(Saved data entries)
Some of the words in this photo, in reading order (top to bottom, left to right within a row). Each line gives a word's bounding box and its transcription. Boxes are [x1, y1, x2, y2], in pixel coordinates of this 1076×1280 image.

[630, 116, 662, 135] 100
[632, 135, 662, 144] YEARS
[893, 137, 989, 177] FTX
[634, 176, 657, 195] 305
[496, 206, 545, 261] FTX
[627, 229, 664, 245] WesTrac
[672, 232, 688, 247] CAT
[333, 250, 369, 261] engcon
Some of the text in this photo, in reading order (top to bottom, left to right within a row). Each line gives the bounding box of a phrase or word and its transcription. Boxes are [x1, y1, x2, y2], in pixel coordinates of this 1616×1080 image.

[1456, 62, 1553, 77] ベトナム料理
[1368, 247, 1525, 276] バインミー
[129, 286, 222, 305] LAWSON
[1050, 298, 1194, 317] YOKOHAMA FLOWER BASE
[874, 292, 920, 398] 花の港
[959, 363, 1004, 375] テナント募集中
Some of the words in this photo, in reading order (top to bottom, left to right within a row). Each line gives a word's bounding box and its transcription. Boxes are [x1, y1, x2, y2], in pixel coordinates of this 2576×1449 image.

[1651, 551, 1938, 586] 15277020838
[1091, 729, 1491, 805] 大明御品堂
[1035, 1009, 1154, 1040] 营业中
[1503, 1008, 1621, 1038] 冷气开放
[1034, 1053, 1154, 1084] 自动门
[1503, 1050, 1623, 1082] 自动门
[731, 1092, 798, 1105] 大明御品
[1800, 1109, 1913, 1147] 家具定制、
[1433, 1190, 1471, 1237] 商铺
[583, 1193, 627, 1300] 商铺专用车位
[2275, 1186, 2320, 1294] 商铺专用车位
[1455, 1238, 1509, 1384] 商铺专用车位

→ **Task requirements**
Reproduce the final stretch of the data above: every line from the one holding "Some of the text" through the end, inclusive, exactly as written and nothing else.

→ **Response box**
Some of the text in this photo, in reading order (top to bottom, left to right within a row). Each line gives the bounding box of a phrase or word and its transcription. Boxes are [x1, y1, x2, y2], in pixel coordinates of this 1616×1080 image.

[1456, 62, 1553, 77] ベトナム料理
[1368, 247, 1525, 276] バインミー
[129, 286, 222, 305] LAWSON
[1050, 298, 1194, 317] YOKOHAMA FLOWER BASE
[874, 292, 920, 398] 花の港
[959, 363, 1004, 375] テナント募集中
Some of the words in this photo, in reading order (top to bottom, left to right within a row). Each line gives a word's bounding box and its transcription. Boxes are [x1, y1, x2, y2], in pixel coordinates of this 2576×1449 image.

[1651, 551, 1938, 586] 15277020838
[1091, 729, 1491, 805] 大明御品堂
[1035, 1009, 1154, 1040] 营业中
[1503, 1008, 1621, 1038] 冷气开放
[1034, 1053, 1154, 1084] 自动门
[1503, 1050, 1623, 1082] 自动门
[731, 1092, 798, 1105] 大明御品
[1800, 1109, 1913, 1147] 家具定制、
[1433, 1190, 1471, 1237] 商铺
[583, 1193, 627, 1300] 商铺专用车位
[2275, 1186, 2320, 1294] 商铺专用车位
[1455, 1238, 1509, 1384] 商铺专用车位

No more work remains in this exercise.